REQUIREMENT: When you reach the records below, output each one exactly.

── INFORMATION PROVIDED ──

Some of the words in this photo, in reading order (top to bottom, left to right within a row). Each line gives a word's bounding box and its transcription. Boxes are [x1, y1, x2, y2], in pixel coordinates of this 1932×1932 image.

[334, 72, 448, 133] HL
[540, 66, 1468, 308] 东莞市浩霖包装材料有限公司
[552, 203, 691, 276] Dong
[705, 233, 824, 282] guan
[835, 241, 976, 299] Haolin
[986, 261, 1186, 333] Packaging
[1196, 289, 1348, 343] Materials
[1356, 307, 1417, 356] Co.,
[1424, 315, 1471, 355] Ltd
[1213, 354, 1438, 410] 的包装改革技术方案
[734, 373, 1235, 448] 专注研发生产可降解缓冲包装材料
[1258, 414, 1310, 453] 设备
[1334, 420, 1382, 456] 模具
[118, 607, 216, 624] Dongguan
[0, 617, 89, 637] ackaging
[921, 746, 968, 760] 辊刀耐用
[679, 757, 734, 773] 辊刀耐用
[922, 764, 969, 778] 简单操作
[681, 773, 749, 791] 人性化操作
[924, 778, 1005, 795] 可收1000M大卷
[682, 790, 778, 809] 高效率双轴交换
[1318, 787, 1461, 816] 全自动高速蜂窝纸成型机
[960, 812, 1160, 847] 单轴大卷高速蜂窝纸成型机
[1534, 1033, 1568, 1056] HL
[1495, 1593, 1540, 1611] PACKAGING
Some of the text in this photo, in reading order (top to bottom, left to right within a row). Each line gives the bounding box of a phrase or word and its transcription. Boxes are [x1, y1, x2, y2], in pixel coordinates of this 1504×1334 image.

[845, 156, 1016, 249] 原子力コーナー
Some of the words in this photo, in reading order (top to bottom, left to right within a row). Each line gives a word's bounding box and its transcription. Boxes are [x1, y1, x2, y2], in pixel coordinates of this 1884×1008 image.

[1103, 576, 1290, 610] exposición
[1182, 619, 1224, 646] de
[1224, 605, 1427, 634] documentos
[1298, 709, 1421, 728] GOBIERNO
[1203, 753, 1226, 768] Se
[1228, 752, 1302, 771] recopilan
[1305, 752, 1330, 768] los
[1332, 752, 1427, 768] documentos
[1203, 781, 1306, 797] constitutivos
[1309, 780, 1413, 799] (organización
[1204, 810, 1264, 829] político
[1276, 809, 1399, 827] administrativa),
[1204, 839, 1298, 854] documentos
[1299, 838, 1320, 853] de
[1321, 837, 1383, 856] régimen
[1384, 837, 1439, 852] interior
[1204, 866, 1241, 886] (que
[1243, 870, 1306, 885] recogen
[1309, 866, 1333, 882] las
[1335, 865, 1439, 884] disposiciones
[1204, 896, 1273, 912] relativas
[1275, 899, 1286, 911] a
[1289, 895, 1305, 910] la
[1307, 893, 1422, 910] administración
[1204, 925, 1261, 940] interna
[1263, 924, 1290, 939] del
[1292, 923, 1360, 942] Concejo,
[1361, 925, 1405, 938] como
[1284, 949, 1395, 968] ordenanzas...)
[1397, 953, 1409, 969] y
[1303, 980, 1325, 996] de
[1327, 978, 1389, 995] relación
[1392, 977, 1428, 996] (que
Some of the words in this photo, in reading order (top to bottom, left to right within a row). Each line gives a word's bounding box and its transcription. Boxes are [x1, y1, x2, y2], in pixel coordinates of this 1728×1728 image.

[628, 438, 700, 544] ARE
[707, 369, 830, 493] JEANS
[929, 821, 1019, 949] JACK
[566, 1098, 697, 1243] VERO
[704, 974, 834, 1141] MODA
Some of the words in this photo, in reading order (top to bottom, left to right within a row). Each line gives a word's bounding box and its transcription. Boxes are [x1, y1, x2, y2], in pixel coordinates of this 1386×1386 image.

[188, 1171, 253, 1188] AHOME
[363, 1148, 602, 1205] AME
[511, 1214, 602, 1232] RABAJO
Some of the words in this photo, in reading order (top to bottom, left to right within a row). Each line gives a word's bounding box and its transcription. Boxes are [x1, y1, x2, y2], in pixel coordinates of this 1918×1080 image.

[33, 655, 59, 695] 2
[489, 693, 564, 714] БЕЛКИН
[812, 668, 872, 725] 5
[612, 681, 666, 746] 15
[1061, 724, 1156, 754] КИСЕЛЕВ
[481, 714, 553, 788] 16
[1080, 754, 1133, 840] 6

───

EXERCISE SOLUTION:
Some of the words in this photo, in reading order (top to bottom, left to right within a row). Each line gives a word's bounding box and its transcription. Boxes are [x1, y1, x2, y2], in pixel coordinates of this 1932×1932 image.

[334, 72, 448, 133] HL
[540, 66, 1468, 308] 东莞市浩霖包装材料有限公司
[552, 203, 691, 276] Dong
[705, 233, 824, 282] guan
[835, 241, 976, 299] Haolin
[986, 261, 1186, 333] Packaging
[1196, 289, 1348, 343] Materials
[1356, 307, 1417, 356] Co.,
[1424, 315, 1471, 355] Ltd
[1213, 354, 1438, 410] 的包装改革技术方案
[734, 373, 1235, 448] 专注研发生产可降解缓冲包装材料
[1258, 414, 1310, 453] 设备
[1334, 420, 1382, 456] 模具
[118, 607, 216, 624] Dongguan
[0, 617, 89, 637] ackaging
[921, 746, 968, 760] 辊刀耐用
[679, 757, 734, 773] 辊刀耐用
[922, 764, 969, 778] 简单操作
[681, 773, 749, 791] 人性化操作
[924, 778, 1005, 795] 可收1000M大卷
[682, 790, 778, 809] 高效率双轴交换
[1318, 787, 1461, 816] 全自动高速蜂窝纸成型机
[960, 812, 1160, 847] 单轴大卷高速蜂窝纸成型机
[1534, 1033, 1568, 1056] HL
[1495, 1593, 1540, 1611] PACKAGING
Some of the text in this photo, in reading order (top to bottom, left to right within a row). Each line gives the bounding box of a phrase or word and its transcription. Boxes are [x1, y1, x2, y2], in pixel coordinates of this 1504×1334 image.

[845, 156, 1016, 249] 原子力コーナー
Some of the words in this photo, in reading order (top to bottom, left to right within a row). Each line gives a word's bounding box and its transcription. Boxes are [x1, y1, x2, y2], in pixel coordinates of this 1884×1008 image.

[1103, 576, 1290, 610] exposición
[1182, 619, 1224, 646] de
[1224, 605, 1427, 634] documentos
[1298, 709, 1421, 728] GOBIERNO
[1203, 753, 1226, 768] Se
[1228, 752, 1302, 771] recopilan
[1305, 752, 1330, 768] los
[1332, 752, 1427, 768] documentos
[1203, 781, 1306, 797] constitutivos
[1309, 780, 1413, 799] (organización
[1204, 810, 1264, 829] político
[1276, 809, 1399, 827] administrativa),
[1204, 839, 1298, 854] documentos
[1299, 838, 1320, 853] de
[1321, 837, 1383, 856] régimen
[1384, 837, 1439, 852] interior
[1204, 866, 1241, 886] (que
[1243, 870, 1306, 885] recogen
[1309, 866, 1333, 882] las
[1335, 865, 1439, 884] disposiciones
[1204, 896, 1273, 912] relativas
[1275, 899, 1286, 911] a
[1289, 895, 1305, 910] la
[1307, 893, 1422, 910] administración
[1204, 925, 1261, 940] interna
[1263, 924, 1290, 939] del
[1292, 923, 1360, 942] Concejo,
[1361, 925, 1405, 938] como
[1284, 949, 1395, 968] ordenanzas...)
[1397, 953, 1409, 969] y
[1303, 980, 1325, 996] de
[1327, 978, 1389, 995] relación
[1392, 977, 1428, 996] (que
Some of the words in this photo, in reading order (top to bottom, left to right within a row). Each line gives a word's bounding box and its transcription. Boxes are [x1, y1, x2, y2], in pixel coordinates of this 1728×1728 image.

[628, 438, 700, 544] ARE
[707, 369, 830, 493] JEANS
[929, 821, 1019, 949] JACK
[566, 1098, 697, 1243] VERO
[704, 974, 834, 1141] MODA
Some of the words in this photo, in reading order (top to bottom, left to right within a row). Each line gives a word's bounding box and its transcription. Boxes are [x1, y1, x2, y2], in pixel coordinates of this 1386×1386 image.

[188, 1171, 253, 1188] AHOME
[363, 1148, 602, 1205] AME
[511, 1214, 602, 1232] RABAJO
Some of the words in this photo, in reading order (top to bottom, left to right within a row). Each line gives a word's bounding box and its transcription. Boxes are [x1, y1, x2, y2], in pixel coordinates of this 1918×1080 image.

[33, 655, 59, 695] 2
[489, 693, 564, 714] БЕЛКИН
[812, 668, 872, 725] 5
[612, 681, 666, 746] 15
[1061, 724, 1156, 754] КИСЕЛЕВ
[481, 714, 553, 788] 16
[1080, 754, 1133, 840] 6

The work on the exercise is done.